* **Problem to solve**
Please output exactly the lines that run from the line with "this 1684×1894 image." through the final line of the data, inclusive, and nothing more.
Start of Data extracts
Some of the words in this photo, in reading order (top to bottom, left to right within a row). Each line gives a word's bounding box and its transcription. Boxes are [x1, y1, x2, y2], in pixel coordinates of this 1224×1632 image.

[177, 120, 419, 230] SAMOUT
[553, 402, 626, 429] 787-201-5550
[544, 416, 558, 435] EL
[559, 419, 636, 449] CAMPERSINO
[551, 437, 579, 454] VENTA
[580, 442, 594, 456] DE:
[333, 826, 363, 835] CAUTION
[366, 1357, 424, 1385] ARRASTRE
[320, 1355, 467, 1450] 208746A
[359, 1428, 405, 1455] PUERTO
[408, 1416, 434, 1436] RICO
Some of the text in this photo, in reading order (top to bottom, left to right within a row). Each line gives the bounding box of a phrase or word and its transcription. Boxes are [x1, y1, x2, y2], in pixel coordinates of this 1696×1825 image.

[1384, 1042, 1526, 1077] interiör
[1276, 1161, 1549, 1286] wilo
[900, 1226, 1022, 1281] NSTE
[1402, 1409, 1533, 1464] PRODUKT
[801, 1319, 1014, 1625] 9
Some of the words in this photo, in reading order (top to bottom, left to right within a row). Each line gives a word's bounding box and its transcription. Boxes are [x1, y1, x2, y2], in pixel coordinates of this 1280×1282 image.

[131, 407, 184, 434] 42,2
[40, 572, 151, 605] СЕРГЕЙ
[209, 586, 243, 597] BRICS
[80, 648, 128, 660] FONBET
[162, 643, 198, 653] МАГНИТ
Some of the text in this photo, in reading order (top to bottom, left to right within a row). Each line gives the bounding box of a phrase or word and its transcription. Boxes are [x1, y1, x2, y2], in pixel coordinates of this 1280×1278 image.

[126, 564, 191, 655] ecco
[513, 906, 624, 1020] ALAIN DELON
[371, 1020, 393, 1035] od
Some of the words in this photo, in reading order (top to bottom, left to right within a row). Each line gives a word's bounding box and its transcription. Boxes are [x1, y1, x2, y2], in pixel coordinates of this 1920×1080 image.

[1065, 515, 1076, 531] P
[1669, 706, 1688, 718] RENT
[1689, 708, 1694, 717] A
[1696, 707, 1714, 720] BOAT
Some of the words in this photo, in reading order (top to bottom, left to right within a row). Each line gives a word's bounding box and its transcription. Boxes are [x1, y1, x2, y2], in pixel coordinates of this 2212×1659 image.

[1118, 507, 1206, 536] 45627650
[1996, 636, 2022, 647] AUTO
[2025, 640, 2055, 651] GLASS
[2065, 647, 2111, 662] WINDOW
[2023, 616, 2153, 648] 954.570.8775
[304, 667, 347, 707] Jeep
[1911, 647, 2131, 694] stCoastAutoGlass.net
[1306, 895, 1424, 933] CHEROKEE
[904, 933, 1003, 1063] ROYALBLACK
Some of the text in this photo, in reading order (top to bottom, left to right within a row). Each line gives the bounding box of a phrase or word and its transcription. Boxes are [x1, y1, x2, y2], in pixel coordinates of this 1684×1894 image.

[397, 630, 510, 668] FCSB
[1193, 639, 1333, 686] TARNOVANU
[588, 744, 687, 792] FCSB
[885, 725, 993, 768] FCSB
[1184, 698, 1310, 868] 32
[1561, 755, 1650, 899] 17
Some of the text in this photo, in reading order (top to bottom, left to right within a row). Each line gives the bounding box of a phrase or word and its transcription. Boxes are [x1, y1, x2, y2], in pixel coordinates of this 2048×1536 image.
End of Data extracts
* **Written response**
Some of the text in this photo, in reading order (top to bottom, left to right within a row). Each line gives the bounding box of a phrase or word and its transcription. Boxes are [x1, y1, x2, y2], in pixel coordinates of this 1684×1894 image.

[397, 630, 510, 668] FCSB
[1193, 639, 1333, 686] TARNOVANU
[588, 744, 687, 792] FCSB
[885, 725, 993, 768] FCSB
[1184, 698, 1310, 868] 32
[1561, 755, 1650, 899] 17
Some of the text in this photo, in reading order (top to bottom, left to right within a row). Each line gives the bounding box of a phrase or word and its transcription. Boxes are [x1, y1, x2, y2], in pixel coordinates of this 2048×1536 image.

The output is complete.